[Task details] Output each record exactly, excluding pictures.

(Stored data entries)
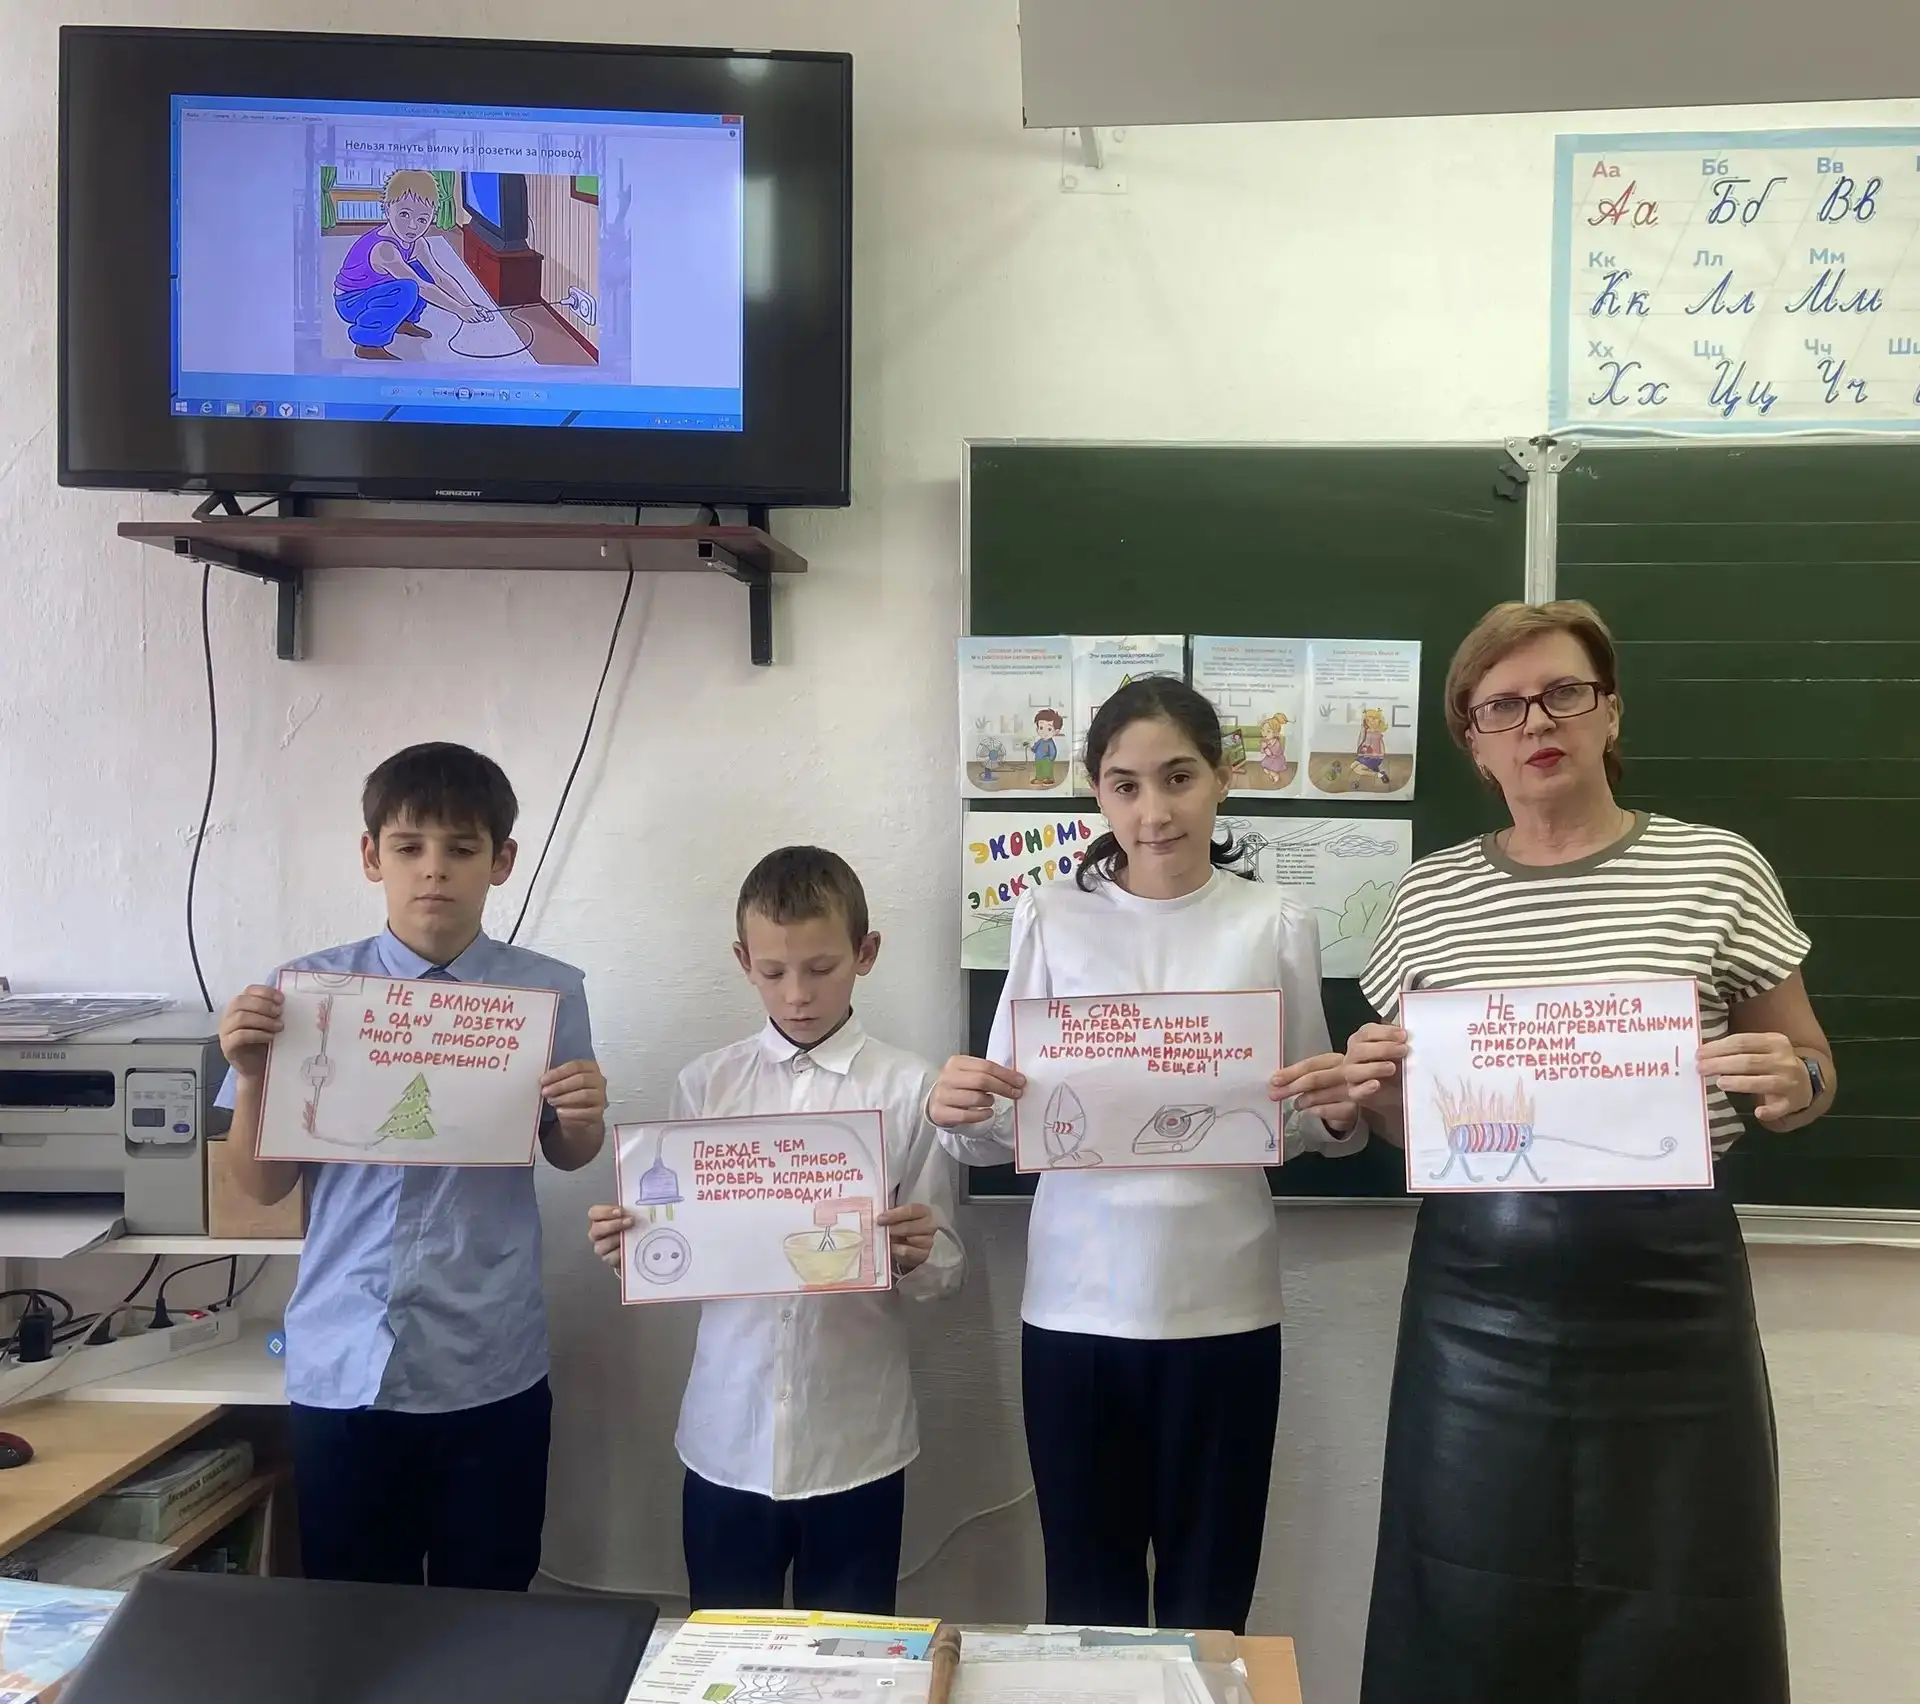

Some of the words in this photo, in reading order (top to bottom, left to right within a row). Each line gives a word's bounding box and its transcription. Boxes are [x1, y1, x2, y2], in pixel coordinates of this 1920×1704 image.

[345, 139, 385, 151] Нельзя
[388, 143, 424, 154] тянуть
[427, 144, 459, 156] вилку
[463, 146, 475, 154] из
[478, 146, 523, 157] розетки
[526, 148, 538, 157] за
[541, 149, 582, 160] провод
[435, 489, 482, 497] HORIZONT
[969, 819, 1091, 865] ЭКОНОМЬ
[430, 993, 515, 1014] ВКЛЮЧАЙ
[1088, 1003, 1141, 1019] СТАВЬ
[1536, 992, 1643, 1021] ПОЛЬЗУЙСЯ
[389, 1012, 433, 1030] ОДНУ
[453, 1014, 527, 1031] РОЗЕТКУ
[1061, 1015, 1210, 1031] НАГРЕВАТЕЛЬНЫЕ
[1467, 1016, 1694, 1036] ЭЛЕКТРОНАГРЕВАТЕЛЬНЫМИ
[359, 1028, 413, 1045] МНОГО
[431, 1031, 520, 1050] ПРИБОРОВ
[1062, 1031, 1137, 1045] ПРИБОРЫ
[1163, 1030, 1224, 1046] ВБЛИЗИ
[1470, 1036, 1576, 1052] ПРИБОРАМИ
[20, 1050, 67, 1060] SAMSUNG
[1471, 1050, 1603, 1070] СОБСТВЕННОГО
[774, 1139, 805, 1154] ЧЕМ
[694, 1157, 776, 1171] ВКЛЮЧИТЬ
[695, 1172, 764, 1186] ПРОВЕРЬ
[773, 1169, 864, 1185] ИСПРАВНОСТЬ
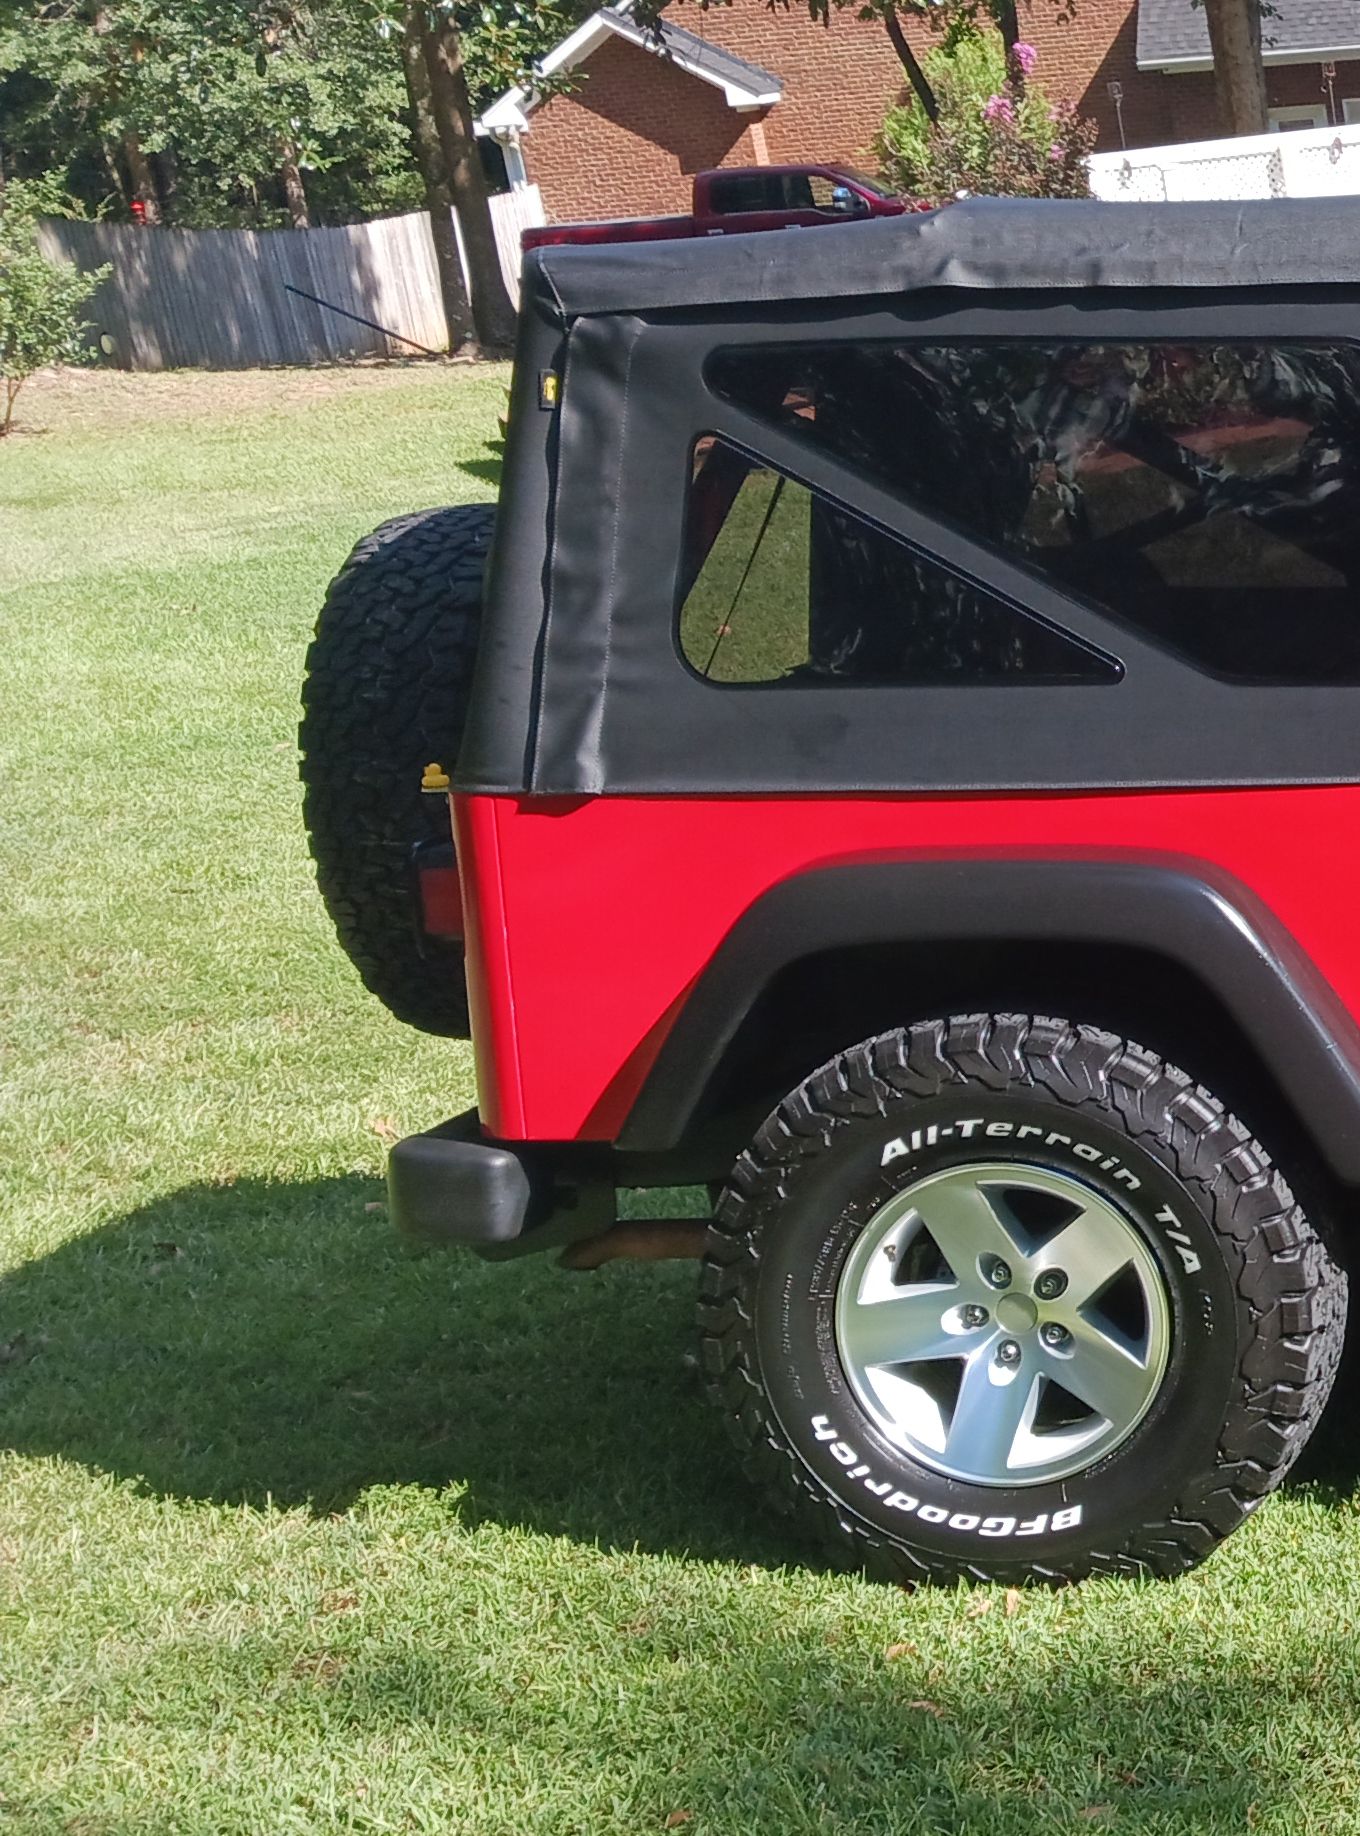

[Task response]
Some of the words in this photo, in reading order (top to bottom, left to right within a row). Each line gives a word's bounding box and its transcription. Boxes are [x1, y1, x2, y2], in pixel coordinates of this 1920×1704 image.

[345, 139, 385, 151] Нельзя
[388, 143, 424, 154] тянуть
[427, 144, 459, 156] вилку
[463, 146, 475, 154] из
[478, 146, 523, 157] розетки
[526, 148, 538, 157] за
[541, 149, 582, 160] провод
[435, 489, 482, 497] HORIZONT
[969, 819, 1091, 865] ЭКОНОМЬ
[430, 993, 515, 1014] ВКЛЮЧАЙ
[1088, 1003, 1141, 1019] СТАВЬ
[1536, 992, 1643, 1021] ПОЛЬЗУЙСЯ
[389, 1012, 433, 1030] ОДНУ
[453, 1014, 527, 1031] РОЗЕТКУ
[1061, 1015, 1210, 1031] НАГРЕВАТЕЛЬНЫЕ
[1467, 1016, 1694, 1036] ЭЛЕКТРОНАГРЕВАТЕЛЬНЫМИ
[359, 1028, 413, 1045] МНОГО
[431, 1031, 520, 1050] ПРИБОРОВ
[1062, 1031, 1137, 1045] ПРИБОРЫ
[1163, 1030, 1224, 1046] ВБЛИЗИ
[1470, 1036, 1576, 1052] ПРИБОРАМИ
[20, 1050, 67, 1060] SAMSUNG
[1471, 1050, 1603, 1070] СОБСТВЕННОГО
[774, 1139, 805, 1154] ЧЕМ
[694, 1157, 776, 1171] ВКЛЮЧИТЬ
[695, 1172, 764, 1186] ПРОВЕРЬ
[773, 1169, 864, 1185] ИСПРАВНОСТЬ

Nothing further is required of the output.